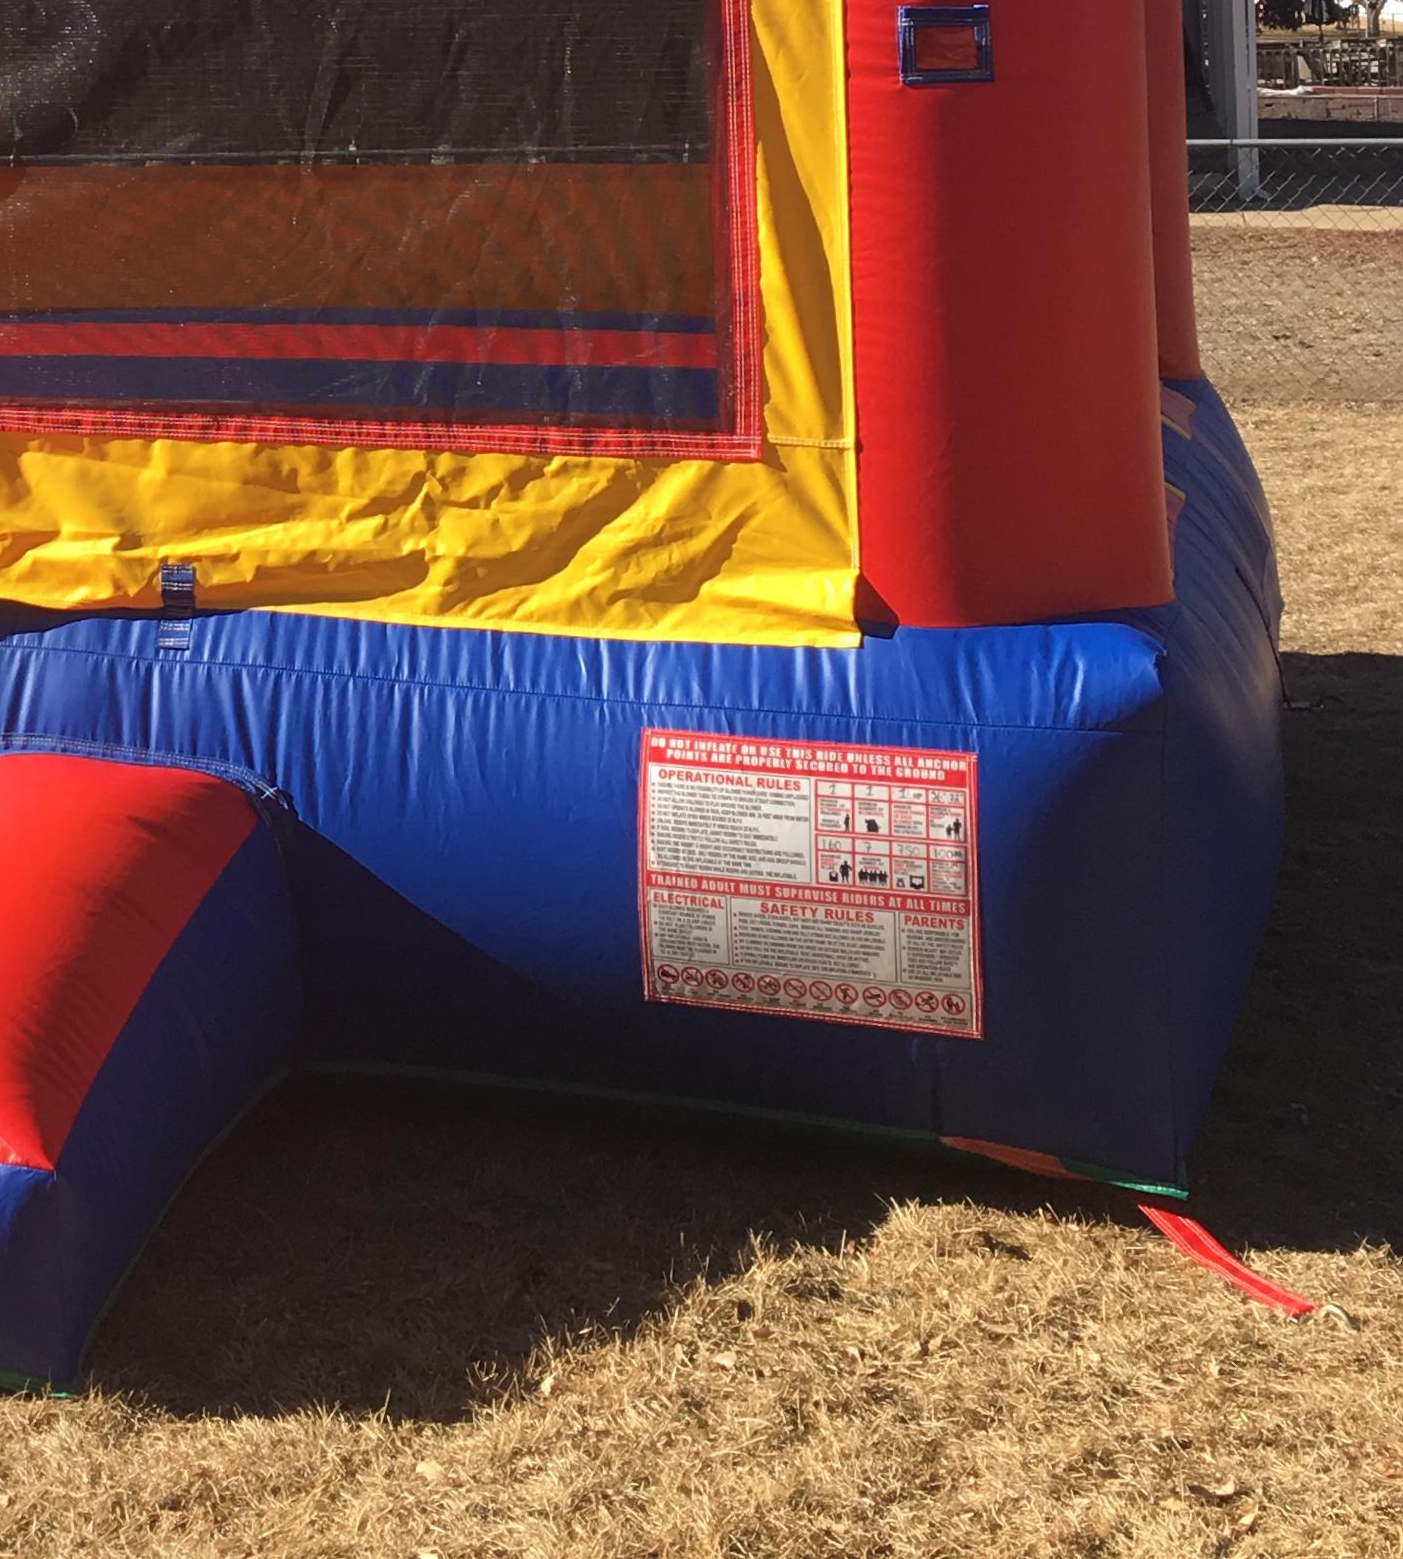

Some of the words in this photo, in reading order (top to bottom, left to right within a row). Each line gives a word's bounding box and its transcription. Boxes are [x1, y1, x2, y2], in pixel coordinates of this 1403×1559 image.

[651, 737, 665, 748] DO
[669, 738, 690, 750] NOT
[694, 740, 737, 754] INFLATE
[741, 744, 757, 755] OR
[761, 746, 781, 757] USE
[786, 748, 812, 760] THIS
[816, 750, 843, 762] RIDE
[847, 752, 891, 765] UNLESS
[894, 755, 914, 767] ALL
[918, 758, 967, 771] ANCHOR
[667, 748, 708, 762] POINTS
[711, 751, 732, 764] ARE
[736, 754, 792, 769] PROPERLY
[795, 759, 848, 773] SECURED
[852, 763, 867, 775] TO
[871, 765, 893, 777] THE
[895, 766, 945, 780] GROUND
[658, 768, 753, 788] OPERATIONAL
[756, 777, 801, 791] RULES
[651, 874, 698, 889] TRAINED
[701, 879, 736, 893] ADULT
[739, 883, 772, 897] MUST
[775, 887, 838, 903] SUPERVISE
[842, 892, 885, 906] RIDERS
[889, 896, 903, 908] AT
[906, 897, 925, 910] ALL
[929, 899, 966, 913] TIMES
[653, 892, 725, 909] ELECTRICAL
[760, 902, 818, 919] SAFETY
[824, 908, 875, 923] RULES
[904, 914, 964, 931] PARENTS
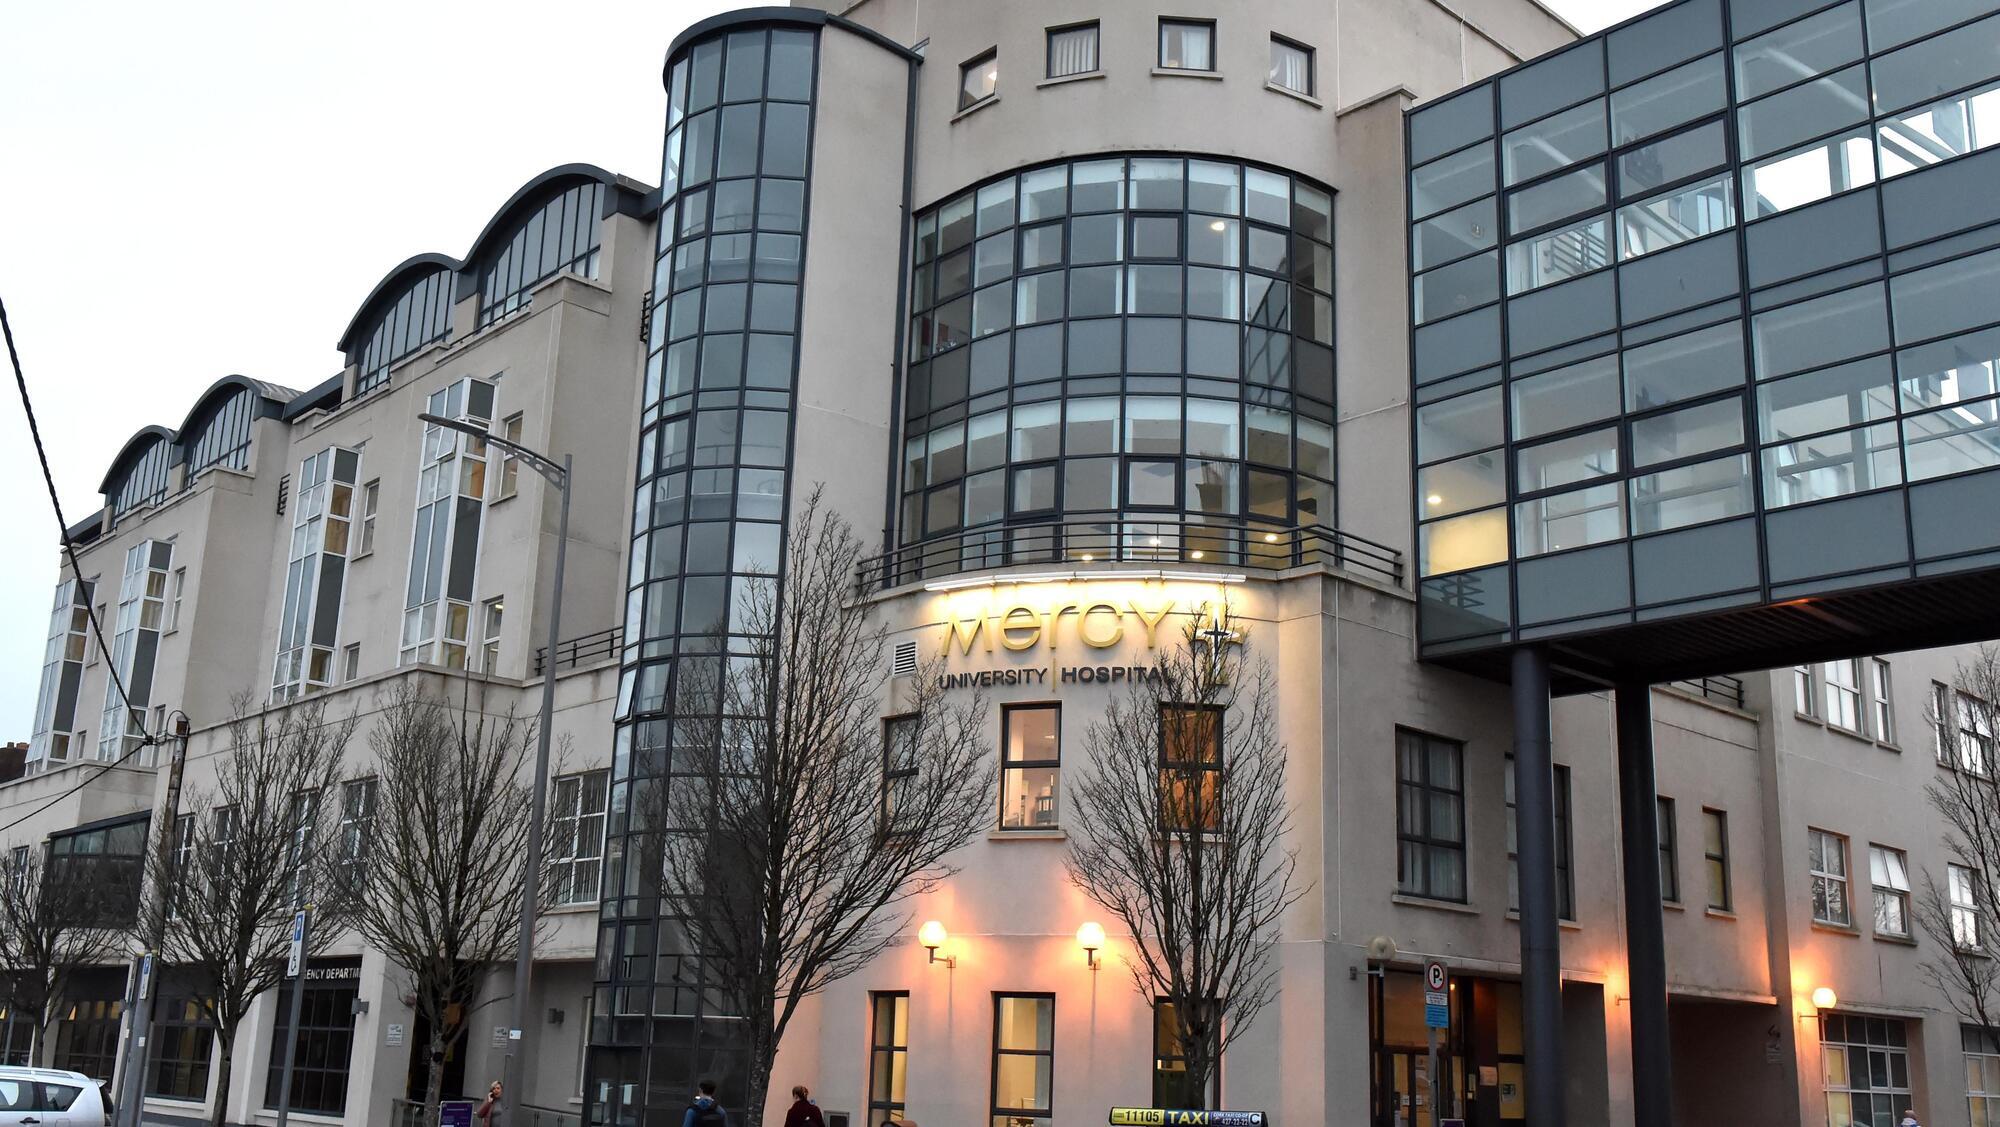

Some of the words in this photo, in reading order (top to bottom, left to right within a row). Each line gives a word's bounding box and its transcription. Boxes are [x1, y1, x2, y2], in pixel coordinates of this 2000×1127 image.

[939, 668, 1048, 690] UNIVERSITY
[326, 967, 361, 979] DEPARTM
[1126, 1110, 1159, 1122] 11105
[1168, 1111, 1209, 1125] TAXI
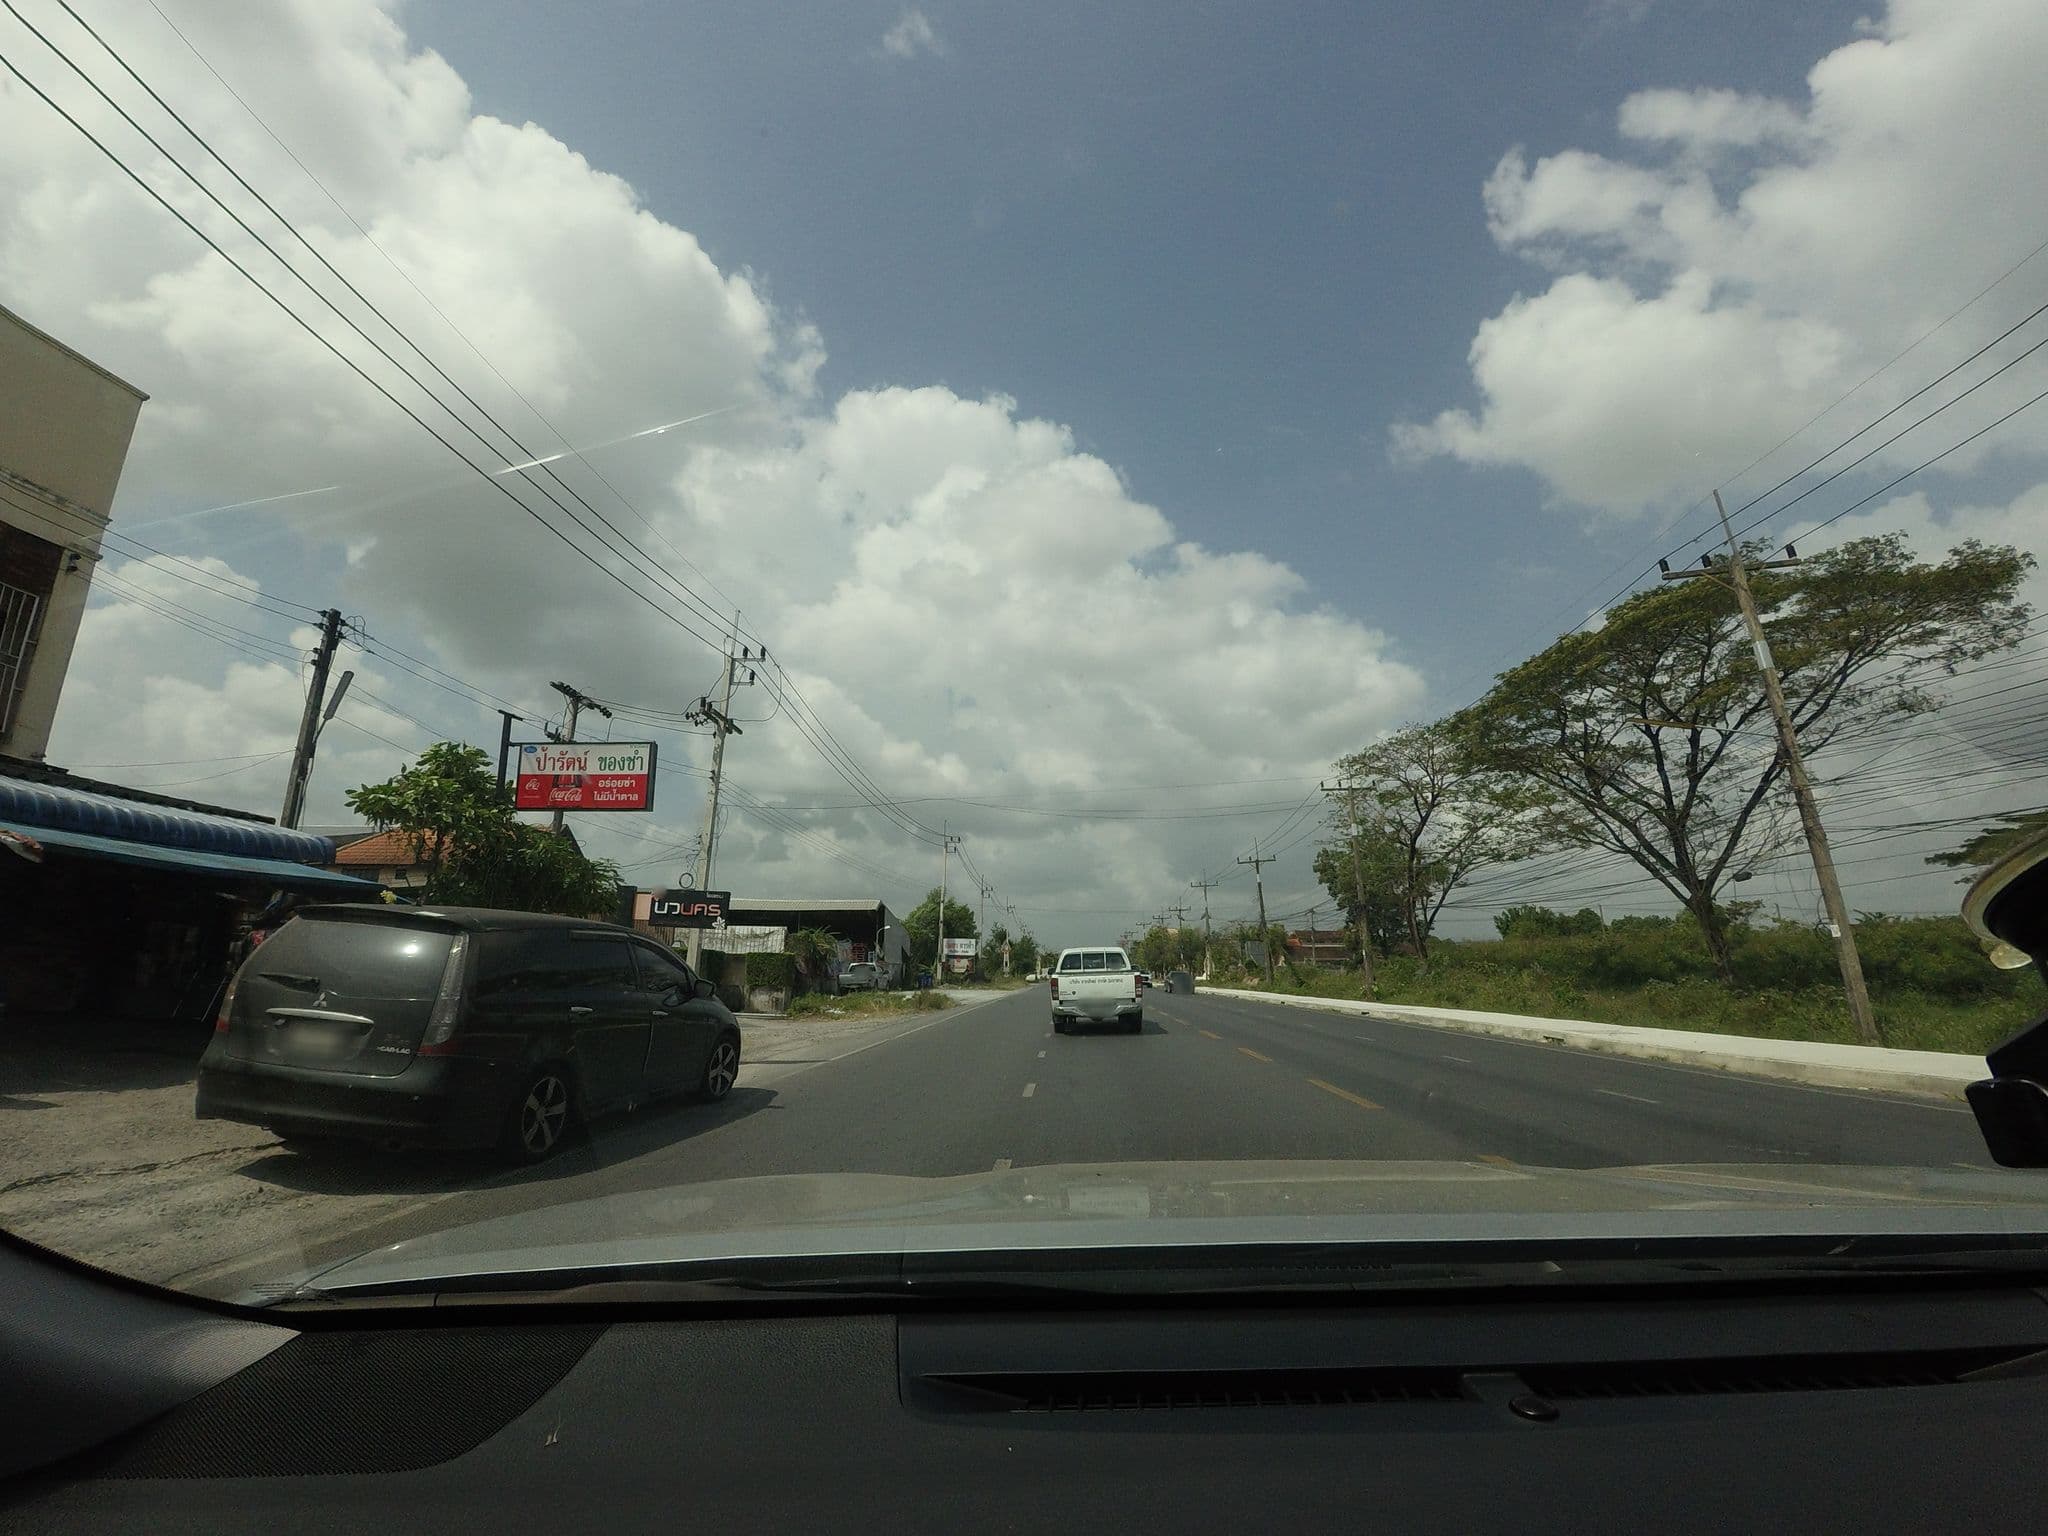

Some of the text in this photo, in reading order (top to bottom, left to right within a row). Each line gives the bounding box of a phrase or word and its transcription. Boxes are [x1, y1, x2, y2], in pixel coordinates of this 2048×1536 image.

[535, 746, 644, 772] ป้ารัตน์ ของชำ

Problem - Make an exact copy of the listing above. Do not include the pictures.

Task response -
Some of the words in this photo, in reading order (top to bottom, left to right within a row). Each line gives a word's bounding box and its transcription. Boxes are [x1, y1, x2, y2], in pixel coordinates of this 1403×1559 image.

[651, 737, 665, 748] DO
[669, 738, 690, 750] NOT
[694, 740, 737, 754] INFLATE
[741, 744, 757, 755] OR
[761, 746, 781, 757] USE
[786, 748, 812, 760] THIS
[816, 750, 843, 762] RIDE
[847, 752, 891, 765] UNLESS
[894, 755, 914, 767] ALL
[918, 758, 967, 771] ANCHOR
[667, 748, 708, 762] POINTS
[711, 751, 732, 764] ARE
[736, 754, 792, 769] PROPERLY
[795, 759, 848, 773] SECURED
[852, 763, 867, 775] TO
[871, 765, 893, 777] THE
[895, 766, 945, 780] GROUND
[658, 768, 753, 788] OPERATIONAL
[756, 777, 801, 791] RULES
[651, 874, 698, 889] TRAINED
[701, 879, 736, 893] ADULT
[739, 883, 772, 897] MUST
[775, 887, 838, 903] SUPERVISE
[842, 892, 885, 906] RIDERS
[889, 896, 903, 908] AT
[906, 897, 925, 910] ALL
[929, 899, 966, 913] TIMES
[653, 892, 725, 909] ELECTRICAL
[760, 902, 818, 919] SAFETY
[824, 908, 875, 923] RULES
[904, 914, 964, 931] PARENTS

Some of the words in this photo, in reading order (top to bottom, left to right within a row). Each line gives a word's bounding box and its transcription. Boxes are [x1, y1, x2, y2], in pixel coordinates of this 2000×1127 image.

[939, 668, 1048, 690] UNIVERSITY
[326, 967, 361, 979] DEPARTM
[1126, 1110, 1159, 1122] 11105
[1168, 1111, 1209, 1125] TAXI

Some of the text in this photo, in reading order (top to bottom, left to right within a row). Each line gives the bounding box of a phrase or word and its transcription. Boxes are [x1, y1, x2, y2], in pixel coordinates of this 2048×1536 image.

[535, 746, 644, 772] ป้ารัตน์ ของชำ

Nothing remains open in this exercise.